23.9.

Kurz dauert die Überfahrt im kleinen Motorboot und man erreicht die Insel Jerolim, die einst für ihren Nacktbadestrand berühmt war. Den Strand mitsamt den darauf im Sonnenschein lagernden Nackten gibt es noch immer. Die Amo Bar im Kiefernwäldchen scheint unverändert seit den siebziger Jahren. Mit grellen Farben bemalte Bruchstücke von Ästen und Brettern sind Wegweiser oder Hinweisschilder, denn gerade die Freikörperkultur braucht Reglement. Ein dicker, aufrecht in den felsigen Inselgrund gerammter Stamm trägt ein Schild mit der Aufschrift Nudists Welcome since 1896. Der Stamm, der durch ein ovales Loch aus diesem Schild herausstößt, ist an seinem oberen Ende kuppelhaft abgeschmirgelt, dazu noch auf der Mitte dieser Kuppelform suggestiv eingekerbt und mit blutroter Farbe überschüttet. Auf einer weiteren Hinweistafel sind die Grundregeln der FKK festgehalten. Beispielsweise geht es um eine angemessene Kultur des Schauens: »A certain curiosity is natural. But don’t ogle!«

Wer das nicht einhalten will oder kann, findet noch jede Menge anderer Buchten auf dieser Insel, die insgesamt nicht groß ist, so dass sie sich in zwanzig Minuten zu Fuß umrunden läßt. Das Meer ist dort überall von sehr guter Qualität. Und Äugeln darf man hier nach Herzenslust. Wenn gerade kein Schiff heranfährt, gibt es nichts zu sehen, was an die Gegenwart erinnern könnte. Man liegt unter einer krummen Kiefer auf einem weißen Felsen und schaut auf die benachbarte Insel, die aus krummen Kiefern und weißen Felsen besteht. Keine Stromleitungen, keine Abfallkörbe, keine anderen Menschen. Man schaut auf das ewige Wasser, in den ewigen Himmel, und ich träume dann gern von der Zeit vor 2400 Jahren, als die Abgesandten von der Peloponnes hier zum ersten Mal anlandeten. Vielleicht gab es um einiges mehr Vögel, auch noch andere Arten, und das klare Wasser in der Bucht war vermutlich noch derart voll gesteckt mit Fischen, es wimmelte, aber die Felsen waren schon genau so kantig und von Milliarden Sonnenstunden ausgebleicht. Die Boten wurden ausgesandt, um die Insel zu erkunden. Manche kamen nie wieder zurück. Das Land wurde vermessen und auf eine Karte eingezeichnet. Der Kapitän war in einen Seeigel getreten und in der darauffolgenden Nacht wurde ihm das Bein abgesägt. Damals gab es noch keinen Trinkwasseranschluß auf der Insel, also gab es einige barsche Kommandos in altgriechischer Sprache, die Segel wurden gesetzt.

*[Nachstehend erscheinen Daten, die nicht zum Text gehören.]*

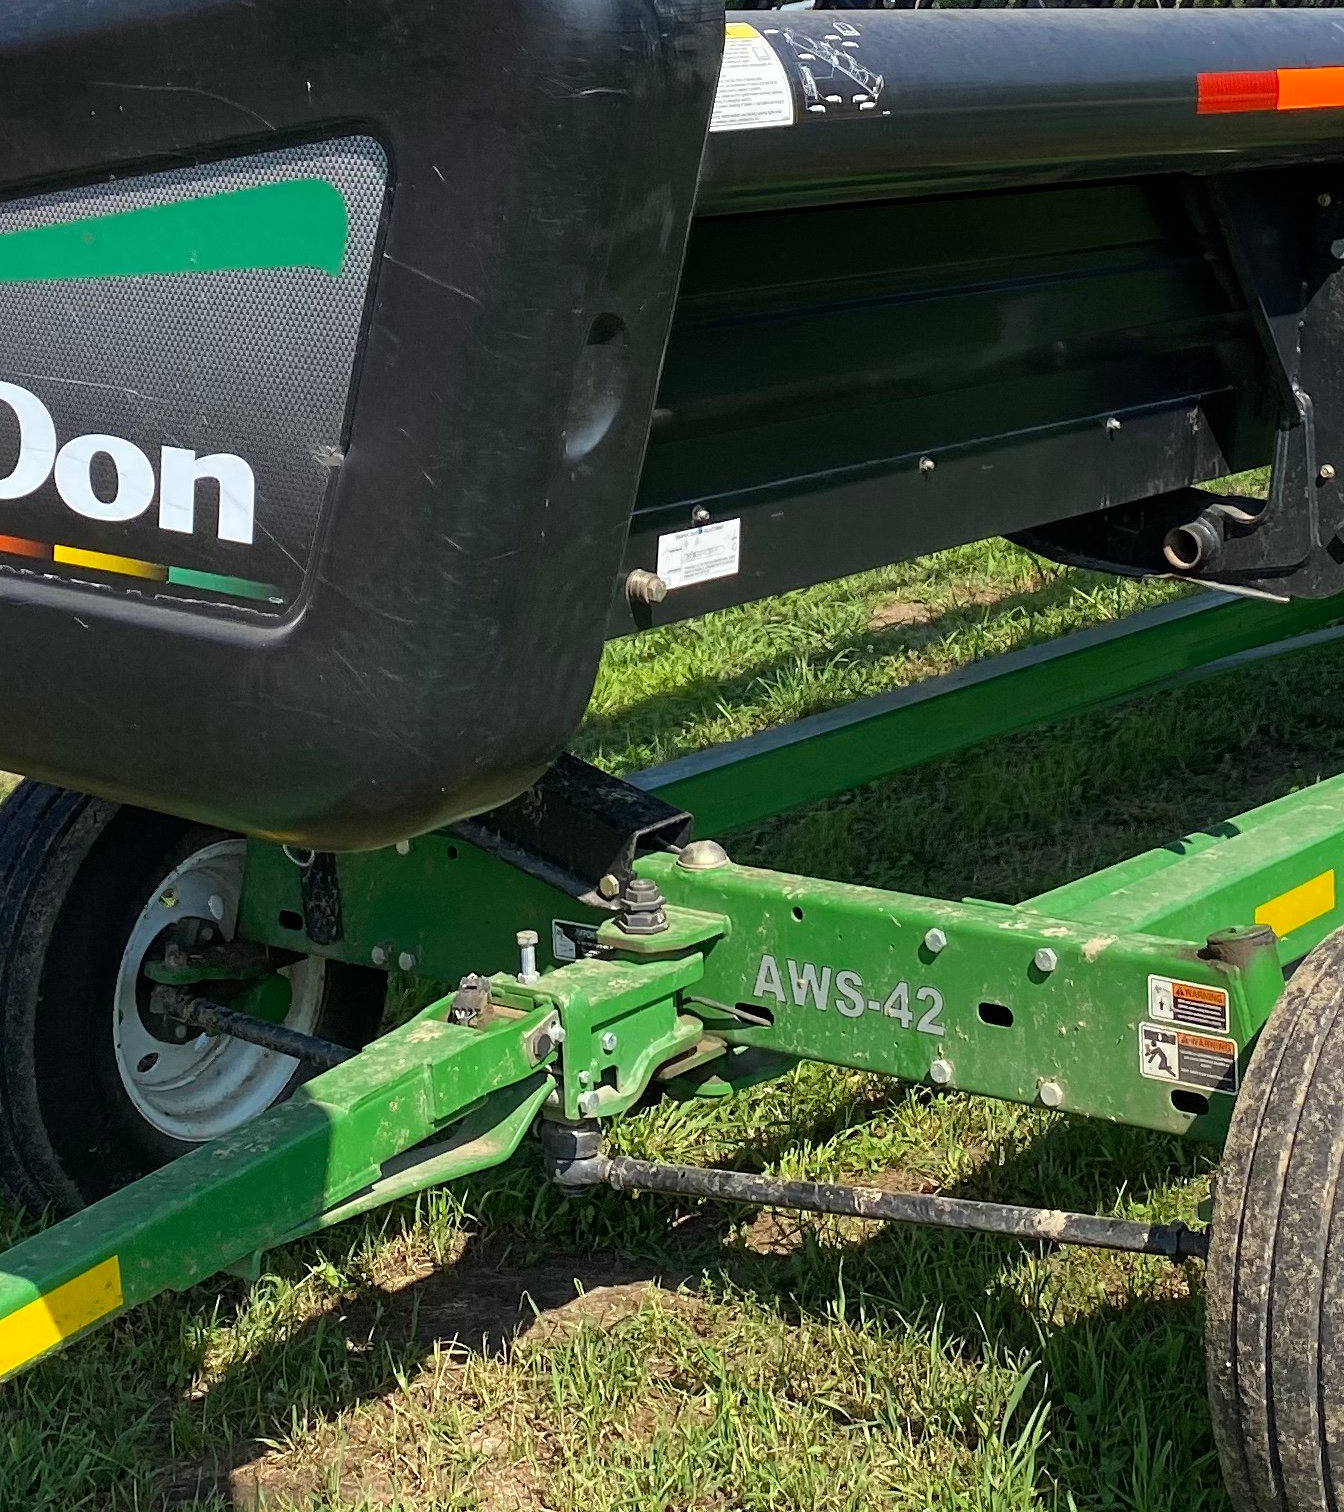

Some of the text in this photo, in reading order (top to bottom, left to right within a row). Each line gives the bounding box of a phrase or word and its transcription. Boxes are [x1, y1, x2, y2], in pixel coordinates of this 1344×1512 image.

[753, 954, 947, 1037] AWS-42
[1185, 989, 1223, 1004] WARNING
[1191, 1039, 1232, 1052] WARNING
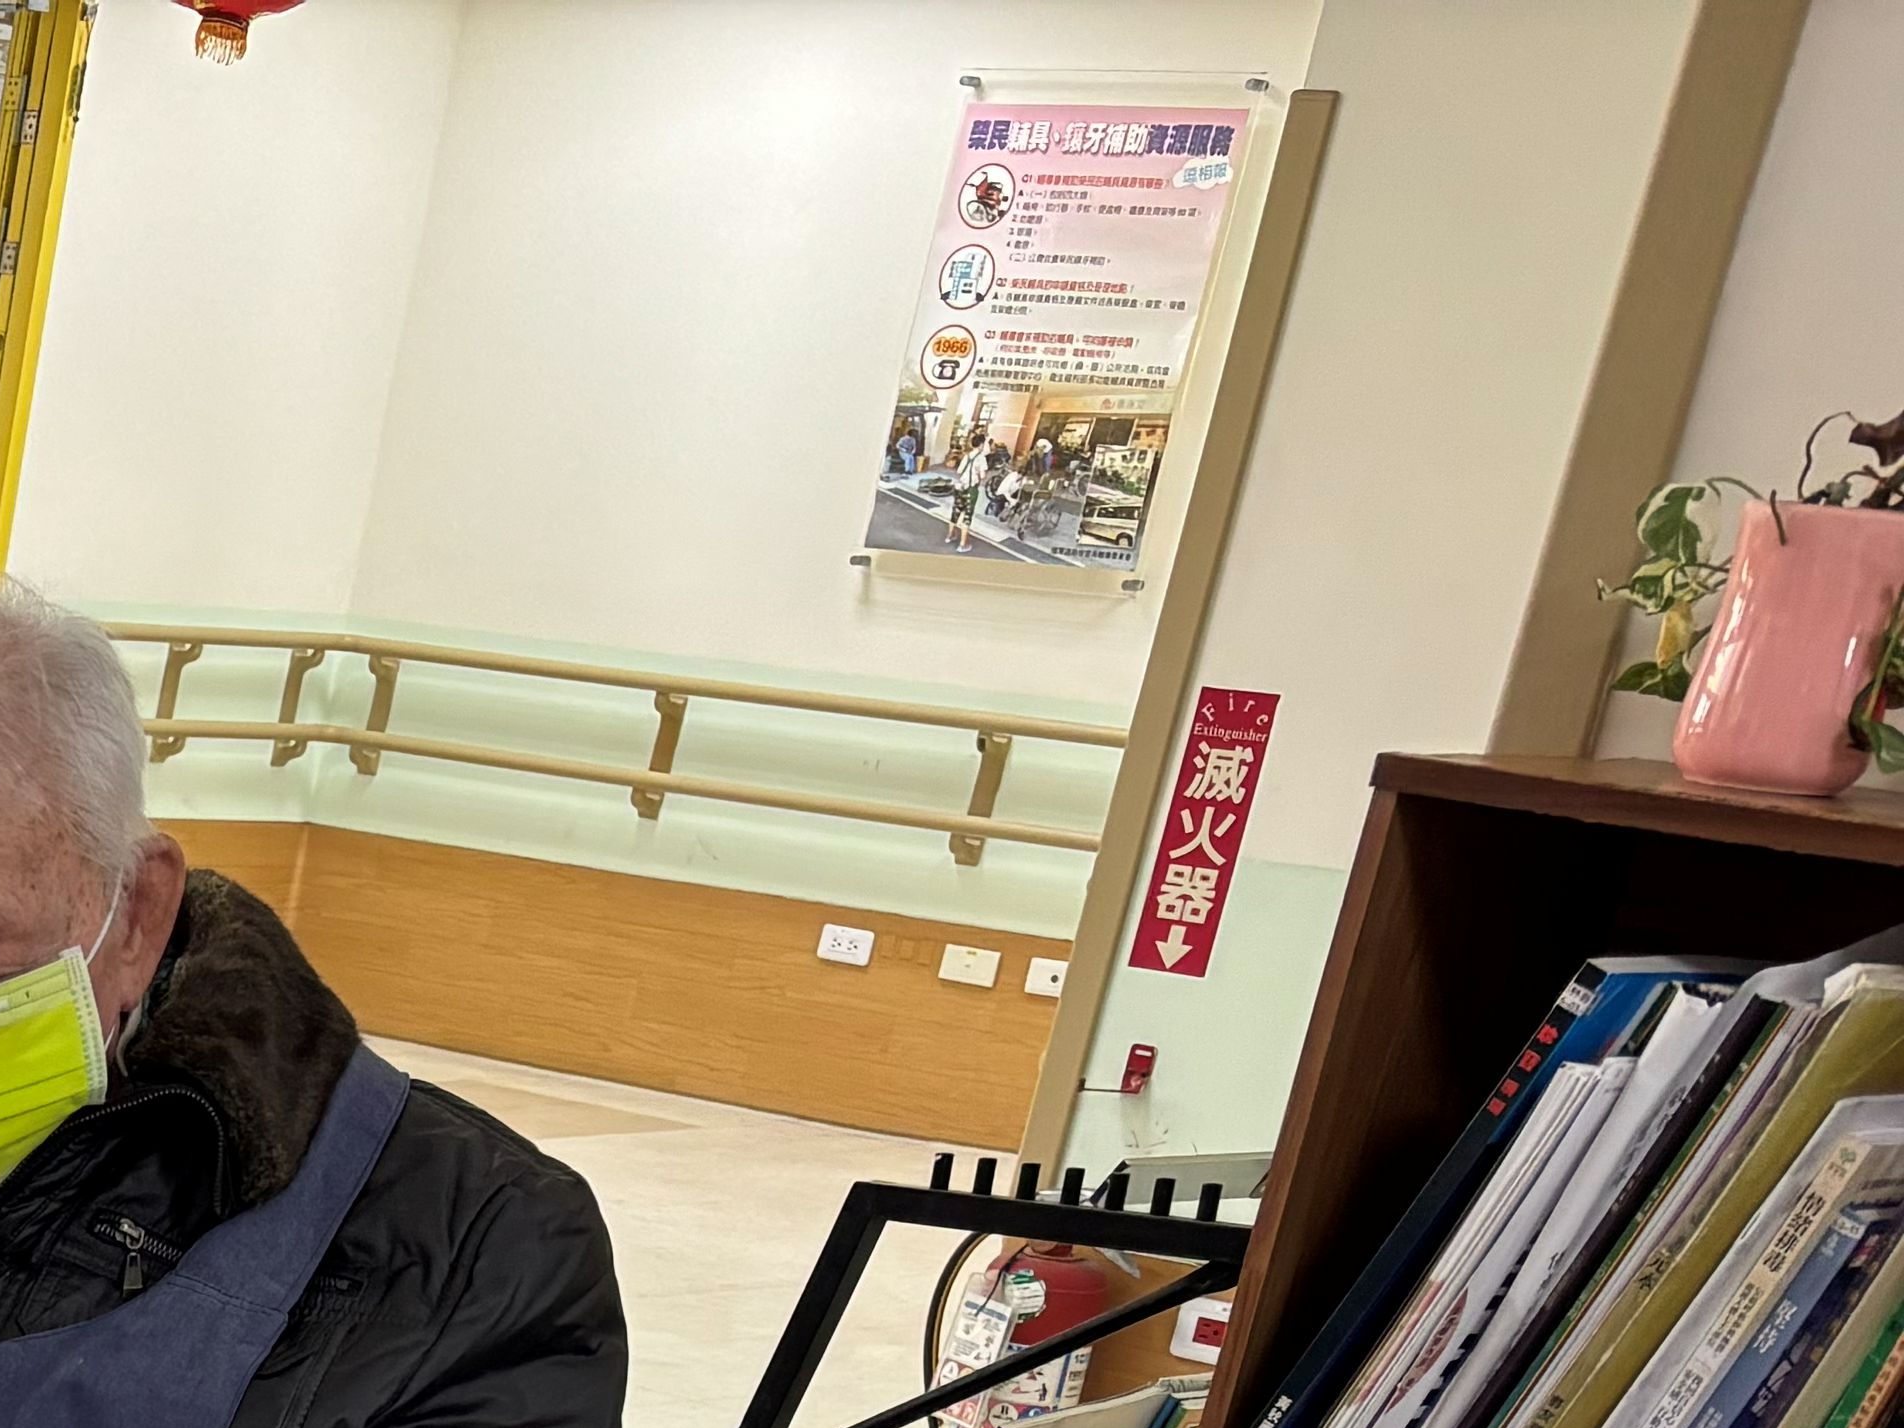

Bei der Rückkehr in den Hafen von Hvar ließen wir die Schuhe aus und gingen barfuß an der ewigen Stadtmauer entlang. Die Steinplatten dort sind über unzählige Jahre von unzähligen Schritten zu Fußschmeichlern poliert. Beim Gehen über diese Platten im Abendlicht kommt man von allein in eine Christoph Ransmayr Welt: man sieht die glänzenden Leiber kapitaler Thunfische, die auf diesem Weg zerlegt worden sind, und auch das viele Blut, das von diesen Steinen gewaschen wurde. Körbe, überall Körbe und Füße. Brände an den Hängen über der Mauer, brennende Schiffe, Schattenspiele in der Nacht. Man hört die Wellen. Man sieht den Mond.